> _Try it_
Find the line that contains "this 1333×1500 image.". Then set down that line and all the lines after it, to the end of the records, exactly and with nothing added.

> _Entries taken from a collection_
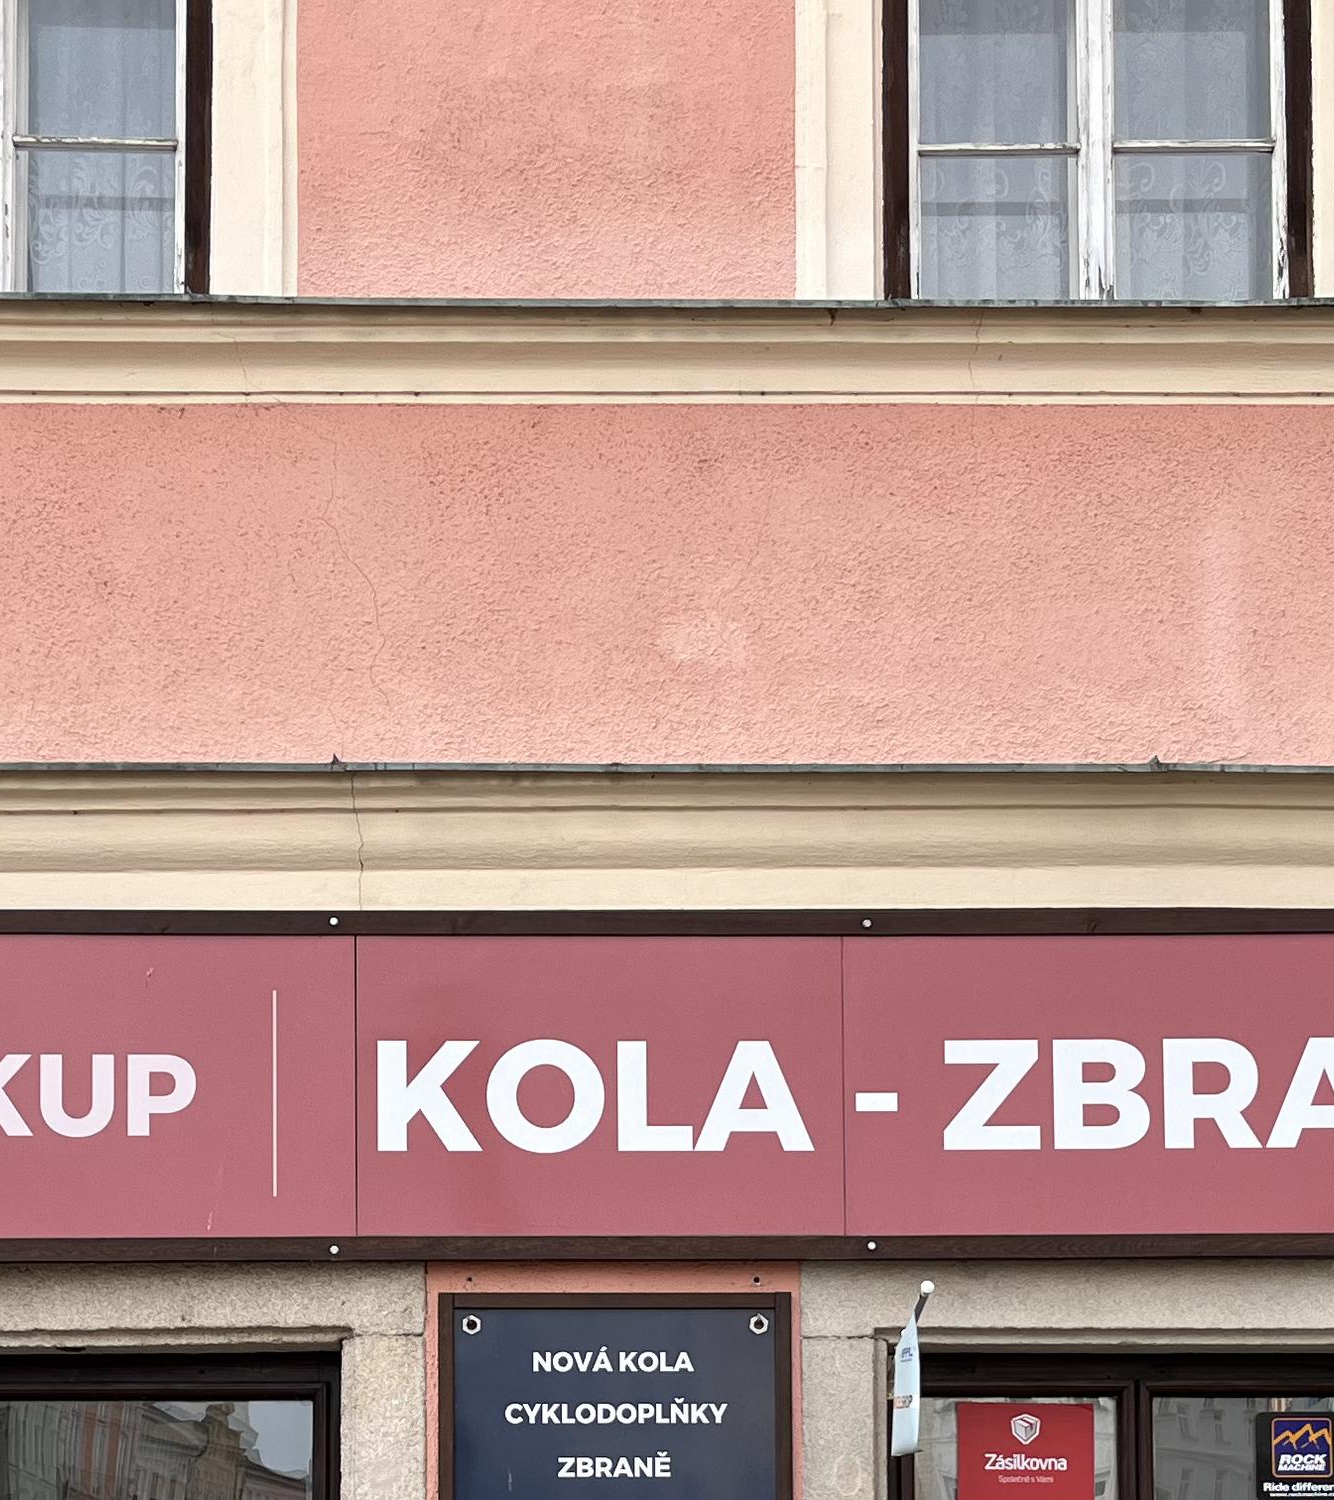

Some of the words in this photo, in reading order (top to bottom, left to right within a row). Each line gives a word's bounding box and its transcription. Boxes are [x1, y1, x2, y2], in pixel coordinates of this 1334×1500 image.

[375, 1039, 815, 1154] KOLA
[855, 1092, 899, 1112] -
[532, 1345, 613, 1373] NOVÁ
[619, 1351, 695, 1373] KOLA
[504, 1397, 728, 1425] CYKLODOPLŇKY
[557, 1451, 671, 1478] ZBRANĚ
[984, 1453, 1068, 1471] Zásilkovna
[1278, 1463, 1326, 1471] MACHINE
[1279, 1454, 1327, 1465] ROCK
[1263, 1482, 1290, 1492] Ride
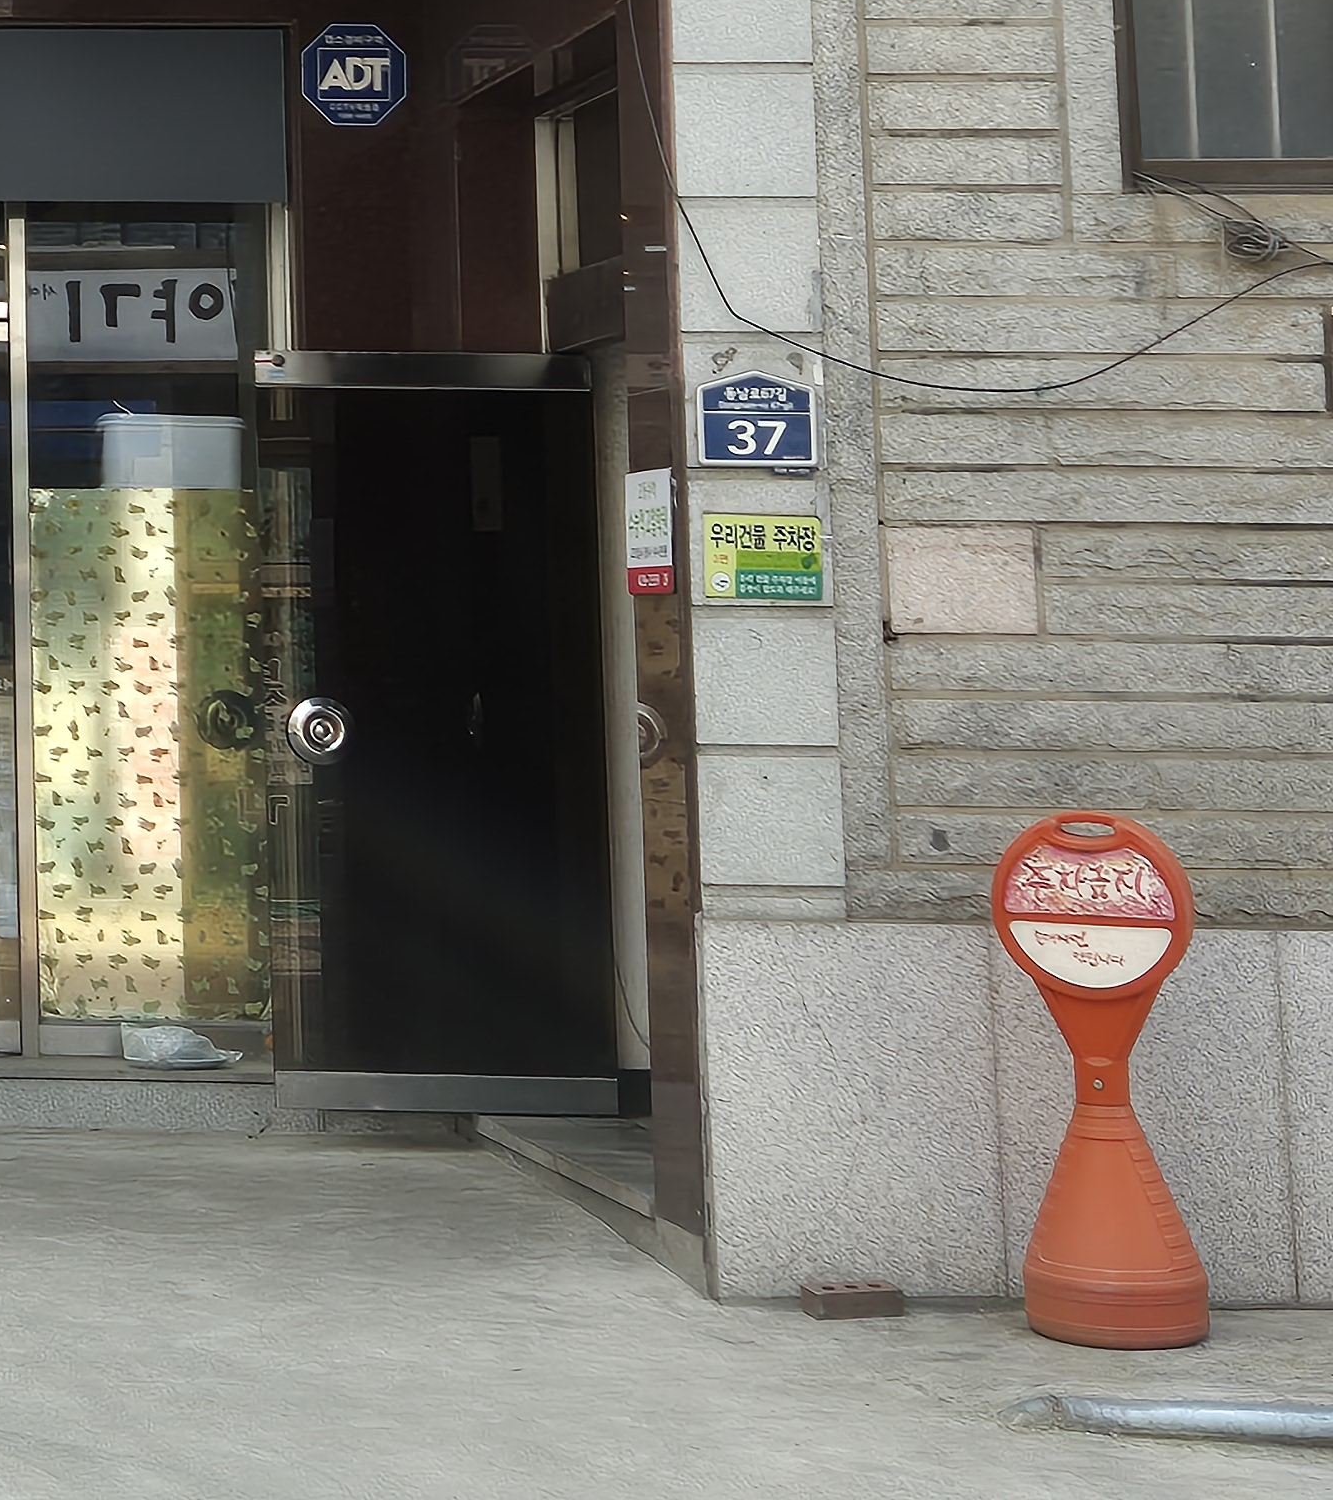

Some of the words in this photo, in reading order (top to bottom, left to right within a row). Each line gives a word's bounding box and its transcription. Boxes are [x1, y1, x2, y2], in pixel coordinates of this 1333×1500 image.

[317, 56, 390, 92] ADT
[727, 419, 787, 456] 37
[711, 523, 766, 550] 우리건물
[772, 525, 816, 552] 주차장

> _Solution below_
Some of the words in this photo, in reading order (top to bottom, left to right within a row). Each line gives a word's bounding box and its transcription. Boxes are [x1, y1, x2, y2], in pixel coordinates of this 1333×1500 image.

[317, 56, 390, 92] ADT
[727, 419, 787, 456] 37
[711, 523, 766, 550] 우리건물
[772, 525, 816, 552] 주차장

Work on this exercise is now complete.